Sox9 Controls Self-Renewal of Oncogene Targeted Cells and Links Tumor Initiation and Invasion

Sox9 is a transcription factor expressed in most solid tumors. However, the molecular mechanisms underlying Sox9 function during tumorigenesis remain unclear. Here, using a genetic mouse model of basal cell carcinoma (BCC), the most frequent cancer in humans, we show that Sox9 is expressed from the earliest step of tumor formation in a Wnt/β-catenin-dependent manner. Deletion of Sox9 together with the constitutive activation of Hedgehog signaling completely prevents BCC formation and leads to a progressive loss of oncogene-expressing cells. Transcriptional profiling of oncogene-expressing cells with Sox9 deletion, combined with in vivo ChIP sequencing, uncovers a cancer-specific gene network regulated by Sox9 that promotes stemness, extracellular matrix deposition, and cytoskeleton remodeling while repressing epidermal differentiation.

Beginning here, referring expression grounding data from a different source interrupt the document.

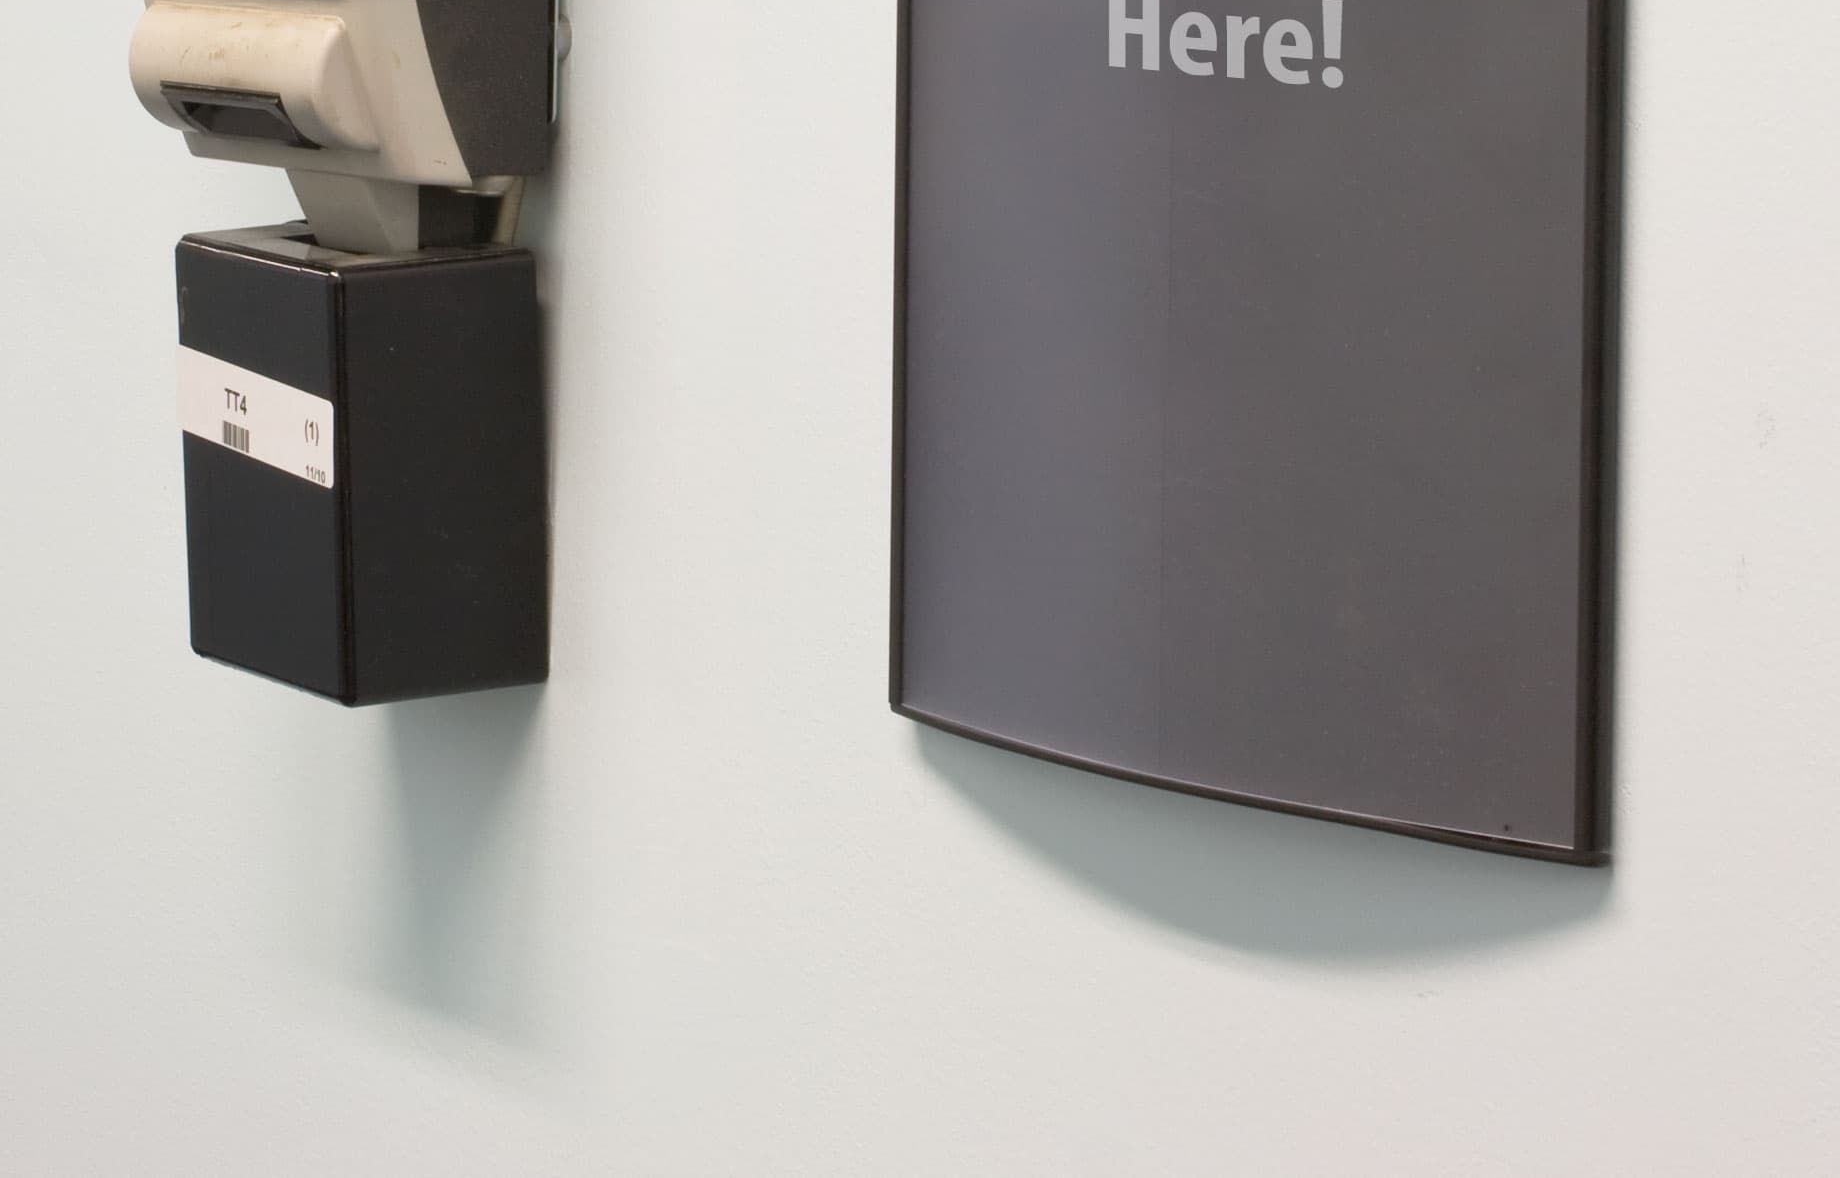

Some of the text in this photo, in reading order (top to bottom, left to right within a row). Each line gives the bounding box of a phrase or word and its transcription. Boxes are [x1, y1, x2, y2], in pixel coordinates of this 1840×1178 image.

[224, 388, 248, 415] TT4
[304, 419, 320, 446] (1)
[305, 465, 327, 484] 11/10
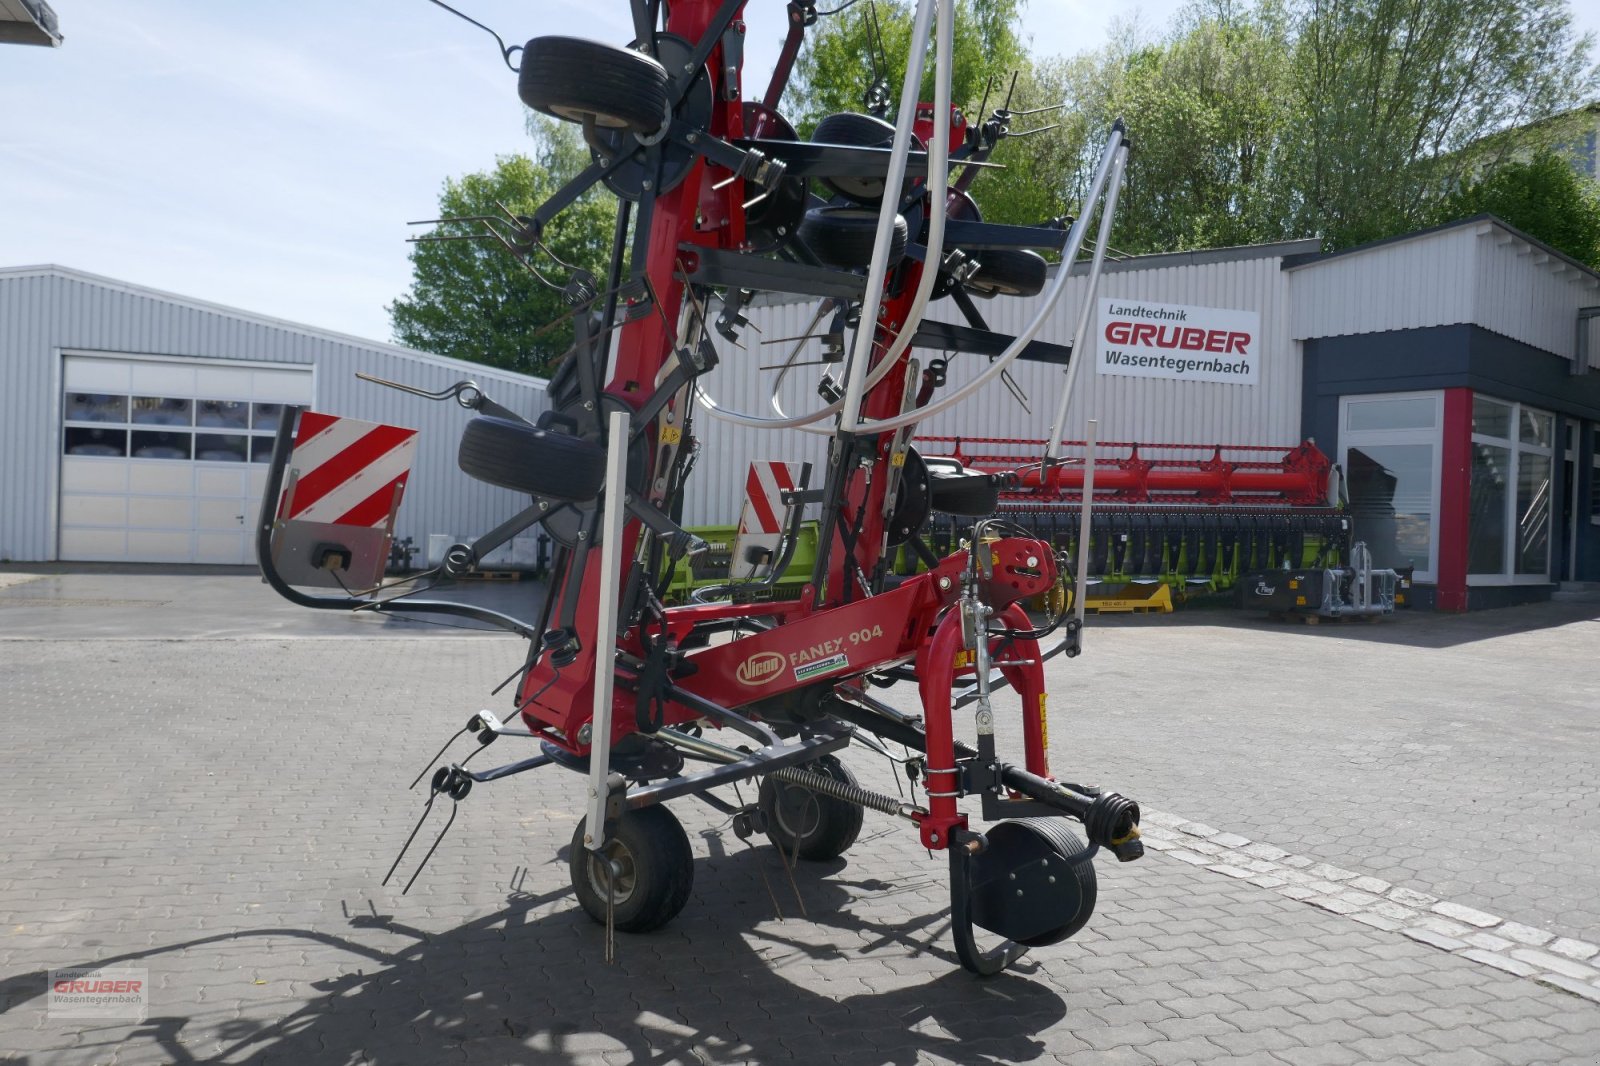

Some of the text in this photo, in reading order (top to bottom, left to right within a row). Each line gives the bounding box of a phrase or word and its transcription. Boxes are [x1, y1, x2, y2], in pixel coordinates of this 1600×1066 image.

[1108, 304, 1187, 321] Landtechnik
[1105, 321, 1251, 355] GRUBER
[1105, 350, 1250, 375] Wasentegernbach
[789, 624, 883, 666] FANEX 904
[740, 655, 779, 680] Vicon
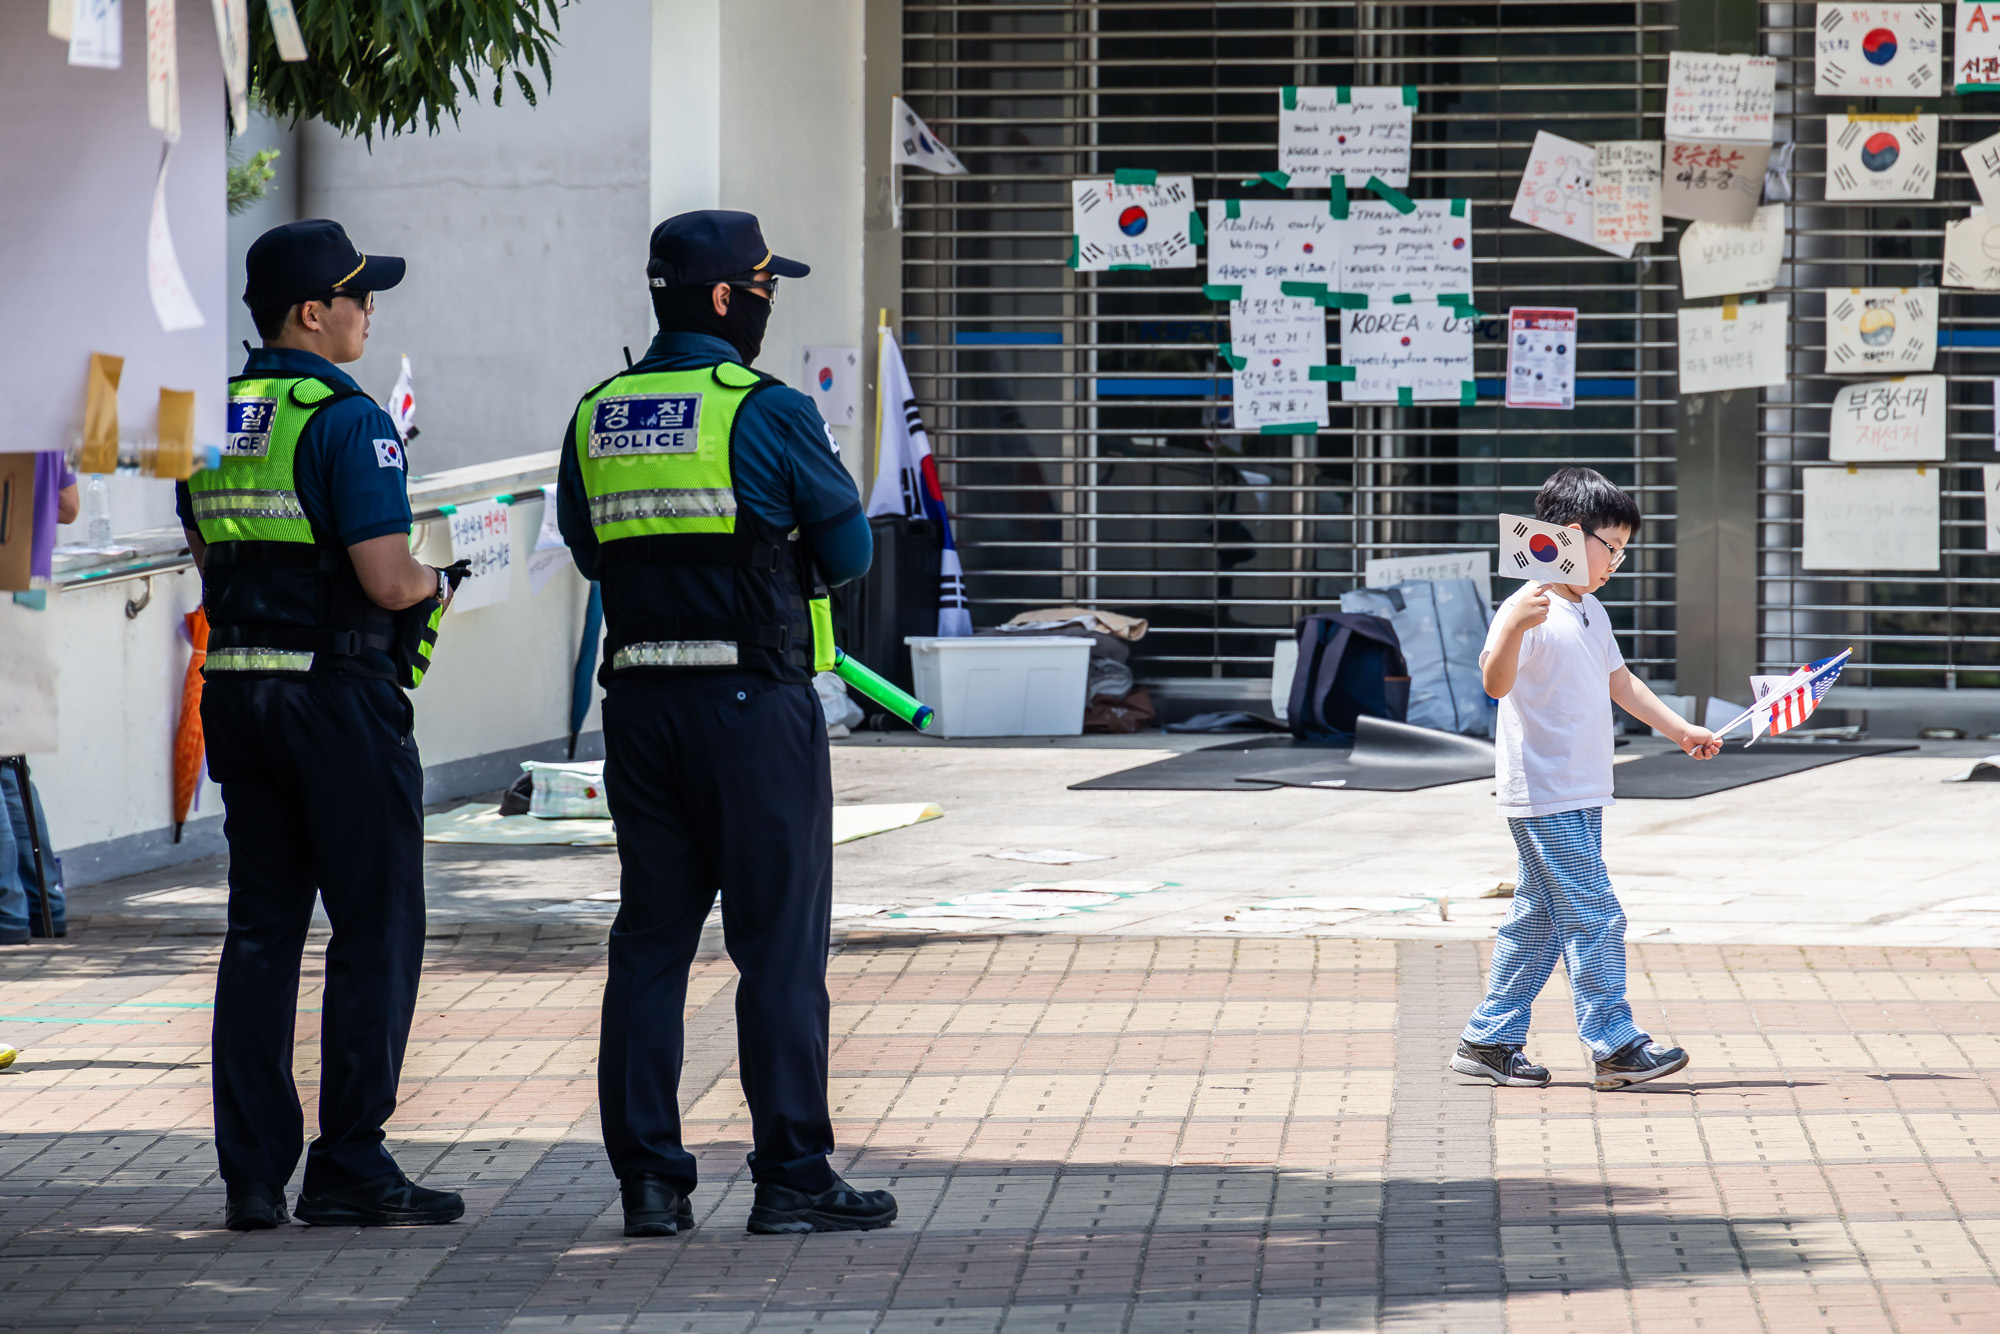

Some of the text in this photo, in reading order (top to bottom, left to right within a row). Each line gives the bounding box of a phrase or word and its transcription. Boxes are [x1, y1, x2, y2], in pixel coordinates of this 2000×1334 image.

[1288, 214, 1327, 234] early
[1350, 312, 1420, 334] KOREA
[604, 401, 688, 430] 경찰
[1847, 386, 1928, 422] 부정선거
[241, 404, 266, 431] 찰
[226, 436, 260, 450] ICE
[600, 432, 685, 451] POLICE
[1855, 424, 1920, 453] 재선거

Our study identifies the molecular mechanisms regulated by Sox9 that link tumor initiation and invasion. [Display omitted] •Sox9 is required for BCC formation in a Wnt/β-catenin-dependent manner•ChIP-seq and microarray reveal a Sox9-controlled cancer-specific gene network•Sox9 promotes BCC stemness and self-renewal and inhibits differentiation•Sox9 controls ECM and cytoskeleton remodeling during tumor invasion Using mouse models of BCC, Larsimont et al. show that Sox9 is required for self-renewal of oncogene-expressing cells and BCC formation. Transcriptional profiling combined with ChIP sequencing uncovered a cancer-specific gene network regulated by Sox9 that promotes stemness, represses differentiation, and induces ECM and cytoskeleton remodeling required for tumor invasion.